Take the downzoning issue. In 1998, when the environmentally inclined members of the Board of Supervisors appeared ready to invoke the board's seldom-used authority to downzone property, the Arizona Legislature passed a law stripping them of that authority. The county challenged the law, but a judge rejected the case because the county had no pending downzoning cases.

So the board created one in April of this year, voting unanimously to downzone 30 acres at Gates Pass and North Camino de Oeste. The zoning, passed in 1963, would have allowed a shopping center to be built at the intersection. Bronson argues that the zoning is incompatible with the low-density housing that has developed in the area in the ensuring 37 years. The property's owner, Emmet McLoughlin, sued the county in July.

"Downzoning is stealing," says Brenner, adding that the legal action is sure to engender ill will at the Capitol. "Then it's very hard for the county to turn around and ask the legislature, 'Gee we need favors from you.' We need a county board that can work cooperatively with our elected officials and we're not seeing that."


RESPONDING TO THE legal chaos that an endangered species like the cactus ferruginous pygmy owl can bring, Bronson has also been a key supporter of the county's Sonoran Desert Conservation Plan.

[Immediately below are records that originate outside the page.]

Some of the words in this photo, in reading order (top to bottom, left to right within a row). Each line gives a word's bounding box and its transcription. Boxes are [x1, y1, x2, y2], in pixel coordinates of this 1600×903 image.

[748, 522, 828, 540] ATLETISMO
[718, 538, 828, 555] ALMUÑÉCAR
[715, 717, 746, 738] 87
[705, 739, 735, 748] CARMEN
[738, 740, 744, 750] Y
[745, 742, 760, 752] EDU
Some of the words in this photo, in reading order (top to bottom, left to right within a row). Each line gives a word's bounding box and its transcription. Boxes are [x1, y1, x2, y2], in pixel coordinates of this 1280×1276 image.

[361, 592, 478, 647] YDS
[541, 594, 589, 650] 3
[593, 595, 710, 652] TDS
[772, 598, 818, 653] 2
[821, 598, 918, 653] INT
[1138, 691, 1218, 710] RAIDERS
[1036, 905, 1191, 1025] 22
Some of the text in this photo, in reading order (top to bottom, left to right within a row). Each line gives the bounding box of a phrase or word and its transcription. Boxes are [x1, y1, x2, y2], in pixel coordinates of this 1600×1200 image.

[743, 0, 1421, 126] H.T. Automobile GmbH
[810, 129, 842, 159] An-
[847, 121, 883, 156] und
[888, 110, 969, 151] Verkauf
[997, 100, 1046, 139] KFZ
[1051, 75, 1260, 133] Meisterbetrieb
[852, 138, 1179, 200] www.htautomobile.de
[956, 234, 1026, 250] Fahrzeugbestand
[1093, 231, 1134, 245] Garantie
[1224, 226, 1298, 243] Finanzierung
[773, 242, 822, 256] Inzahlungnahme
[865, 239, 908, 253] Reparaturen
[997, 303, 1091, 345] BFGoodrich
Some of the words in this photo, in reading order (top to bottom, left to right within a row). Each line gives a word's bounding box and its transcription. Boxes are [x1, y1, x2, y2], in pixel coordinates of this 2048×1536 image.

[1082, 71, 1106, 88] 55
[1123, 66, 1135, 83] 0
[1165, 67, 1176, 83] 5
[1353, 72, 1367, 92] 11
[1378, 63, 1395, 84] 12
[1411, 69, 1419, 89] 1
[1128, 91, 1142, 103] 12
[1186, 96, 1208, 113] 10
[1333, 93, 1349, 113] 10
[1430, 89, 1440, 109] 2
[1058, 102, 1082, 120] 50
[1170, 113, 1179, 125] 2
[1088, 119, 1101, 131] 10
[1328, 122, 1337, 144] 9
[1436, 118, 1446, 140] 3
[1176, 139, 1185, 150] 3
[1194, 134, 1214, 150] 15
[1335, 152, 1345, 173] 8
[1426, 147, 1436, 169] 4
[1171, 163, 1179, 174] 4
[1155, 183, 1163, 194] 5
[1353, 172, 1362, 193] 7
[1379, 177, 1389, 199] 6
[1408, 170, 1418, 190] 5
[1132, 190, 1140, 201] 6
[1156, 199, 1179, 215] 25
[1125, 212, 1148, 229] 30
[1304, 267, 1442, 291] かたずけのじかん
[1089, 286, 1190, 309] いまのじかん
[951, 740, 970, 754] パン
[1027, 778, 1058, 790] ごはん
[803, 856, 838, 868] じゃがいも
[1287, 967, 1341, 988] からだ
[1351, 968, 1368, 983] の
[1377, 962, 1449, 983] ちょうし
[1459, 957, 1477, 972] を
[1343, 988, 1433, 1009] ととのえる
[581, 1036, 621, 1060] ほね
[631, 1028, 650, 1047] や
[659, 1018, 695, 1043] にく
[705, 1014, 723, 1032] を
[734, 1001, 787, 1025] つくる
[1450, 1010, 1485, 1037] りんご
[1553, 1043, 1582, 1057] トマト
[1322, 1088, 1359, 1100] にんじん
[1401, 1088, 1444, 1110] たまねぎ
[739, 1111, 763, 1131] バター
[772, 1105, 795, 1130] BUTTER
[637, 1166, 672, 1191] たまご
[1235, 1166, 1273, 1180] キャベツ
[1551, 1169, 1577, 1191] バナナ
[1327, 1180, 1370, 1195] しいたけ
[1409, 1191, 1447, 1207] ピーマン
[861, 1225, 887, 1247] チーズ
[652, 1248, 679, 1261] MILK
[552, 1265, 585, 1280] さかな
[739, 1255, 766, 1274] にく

Brenner is skeptical about many elements of that plan, including provisions that call for increased impact fees and the public purchase of open space.

"We can work that in a such a way that we have the most ecologically sensitive approach," Brenner says. "But the Sonoran Desert Conservation Plan envisions spending three to five million dollars of badly needed tax money. Not the right approach for me."

Brenner shrugs off concerns that similar planning efforts related to endangered species have included public land set-asides. For that matter, he sees the listing of the pygmy owl as a misuse of the Endangered Species Act.

Nor is he a fan of impact fees. "You can call 'em impact fees, you can call 'em assessments, you can call 'em levies, you can call 'em anything that you want," Brenner says. "Let's translate it. It's 'We want more tax money.' I maintain that they're not administrating the tax money they're receiving accurately enough."

Brenner points to Kino Hospital as an obvious area of mismanagement. "It's been a fiasco," he says.

Bronson agrees that Kino has been mismanaged. But she argues that she opposed the move that spun management of Kino to an independent commission, which hired Dr. Richard Carmona as its administrator. As the debt problems grew at Kino, Carmona resigned last year at the same time the Board of Supervisors voted to retake control of the hospital.

"I was the only one on the board since January 1997 until recently who spoke out against the current healthcare system," Bronson says. "We're going to balance the Kino budget and repay that debt. Without my leadership that wouldn't have happened."

Earlier this year, in a cost-cutting move, the board eliminated the birthing unit at Kino. Brenner is particularly upset about that decision, saying the birthing unit should have been spared. Ask him what he'd cut, though, and he confesses he doesn't know. As with the rest of the county budget, he's sure there's waste, but he has yet to pinpoint it.

"I'll find out," Brenner promises. "I intend to have competent audits of areas of county spending and see where is the bleeding."


BRENNER TRAILS BRONSON in fundraising. According to campaign finance reports filed last week with the county, he had raised $33,088 as of October 2, with $12,500 coming from his own pocket. He'd spent $32,503, leaving him with less than $585 in the bank.

That's not much compared to Republican Vicki Cox-Golder, who was defeated by Bronson four years ago. Cox-Golder, a well-connected real-estate broker, raised more than $150,000 for her own campaign. Two independent campaigns spent an additional $80,000. Despite all that money and a slick campaign, Bronson pulled 52 percent of the vote, while Cox-Golder only claimed 32 percent. (The remainder went to incumbent Moore, who had decided to run as an independent, primarily to undermine Cox-Golder.)

This year, Bronson has raised twice as much money as Brenner: $78,811 though October 2. She was frugal through her primary campaign, spending only $28,330 and leaving her with more than $50,000 to spend in the final weeks of the campaign.